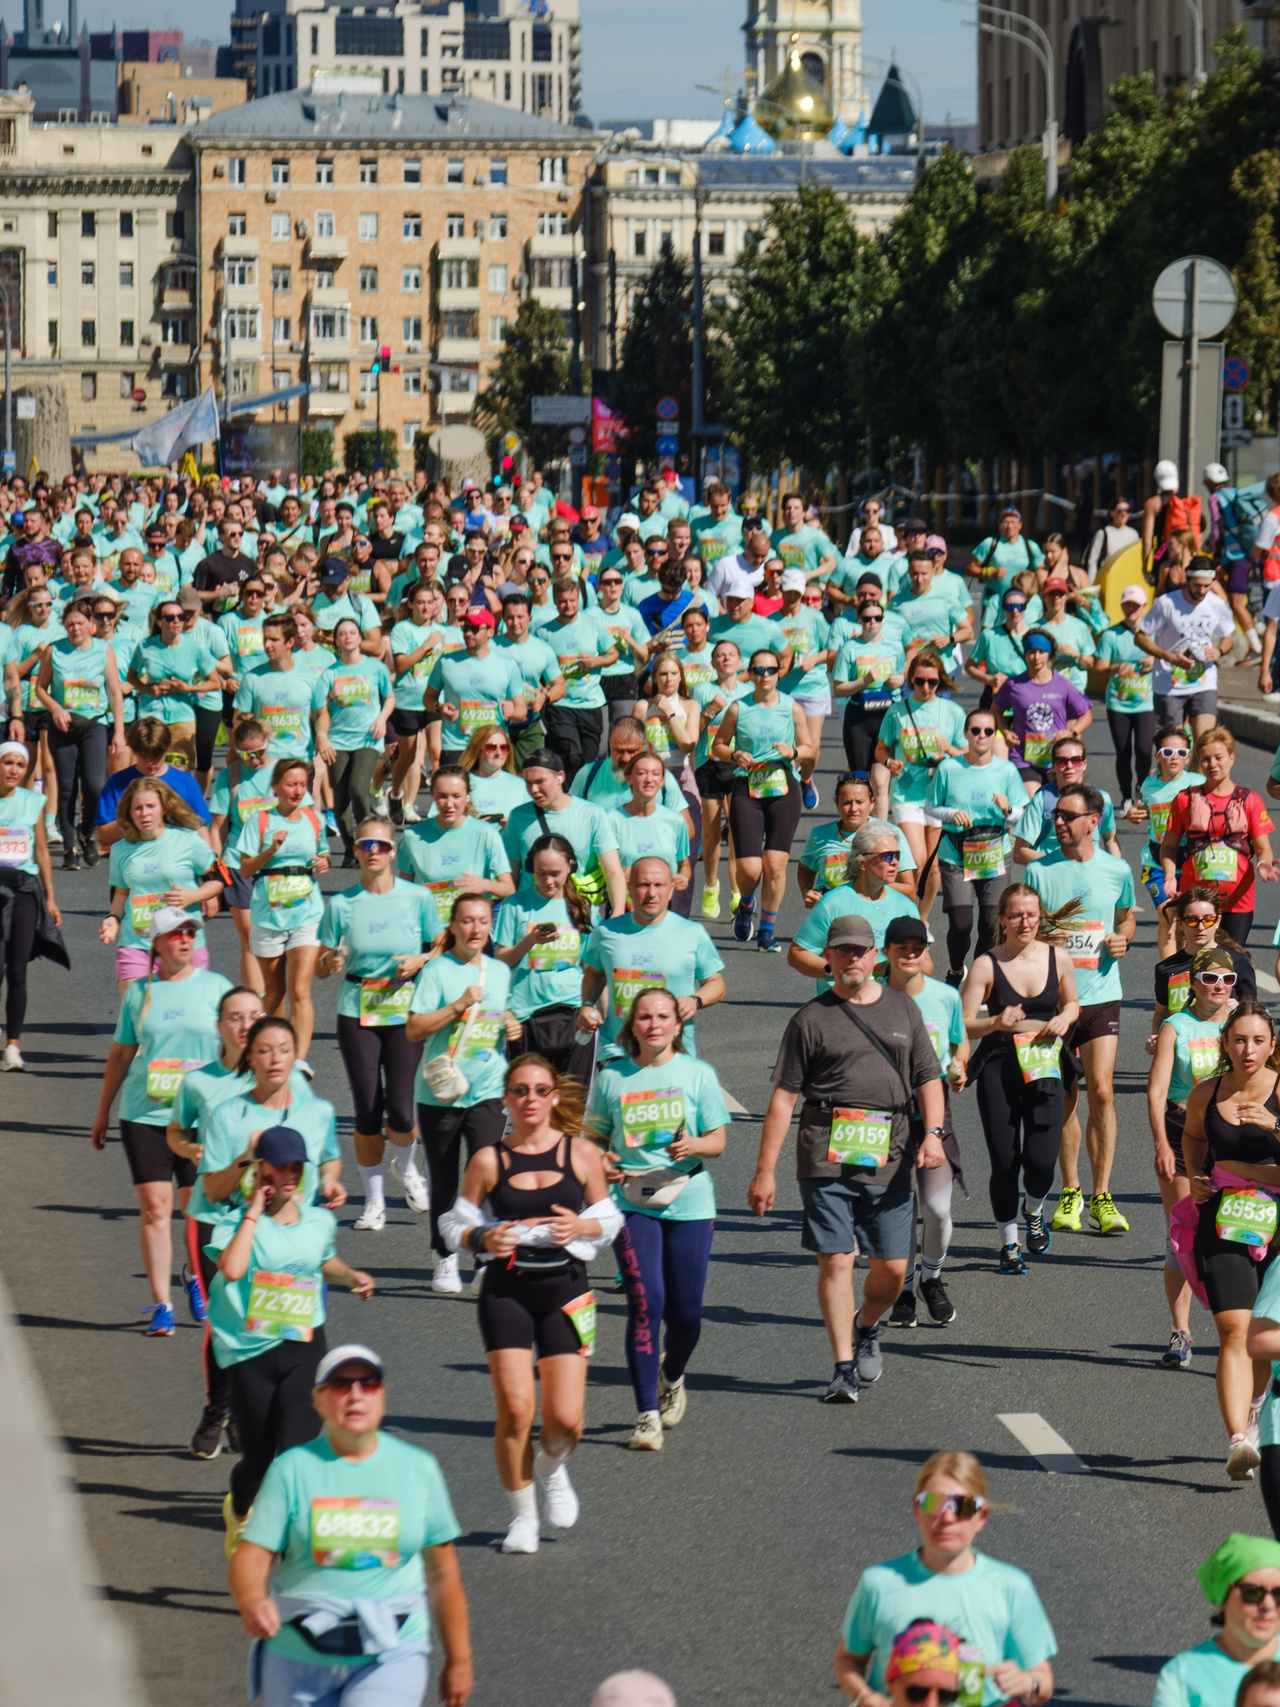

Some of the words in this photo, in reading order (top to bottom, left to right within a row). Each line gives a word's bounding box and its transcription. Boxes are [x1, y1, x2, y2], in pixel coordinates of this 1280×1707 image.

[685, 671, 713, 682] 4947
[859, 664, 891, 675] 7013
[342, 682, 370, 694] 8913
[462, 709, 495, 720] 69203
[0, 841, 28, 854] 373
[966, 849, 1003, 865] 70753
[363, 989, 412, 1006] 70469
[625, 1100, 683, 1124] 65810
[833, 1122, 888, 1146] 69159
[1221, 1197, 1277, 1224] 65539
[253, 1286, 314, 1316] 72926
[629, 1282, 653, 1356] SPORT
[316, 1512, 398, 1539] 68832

################

Activity: Take each line from the records and copy it unchanged, leaving images out.

Written reply:
Some of the words in this photo, in reading order (top to bottom, left to right within a row). Each line gives a word's bounding box and its transcription. Boxes are [x1, y1, x2, y2], in pixel coordinates of this 1280×1707 image.

[685, 671, 713, 682] 4947
[859, 664, 891, 675] 7013
[342, 682, 370, 694] 8913
[462, 709, 495, 720] 69203
[0, 841, 28, 854] 373
[966, 849, 1003, 865] 70753
[363, 989, 412, 1006] 70469
[625, 1100, 683, 1124] 65810
[833, 1122, 888, 1146] 69159
[1221, 1197, 1277, 1224] 65539
[253, 1286, 314, 1316] 72926
[629, 1282, 653, 1356] SPORT
[316, 1512, 398, 1539] 68832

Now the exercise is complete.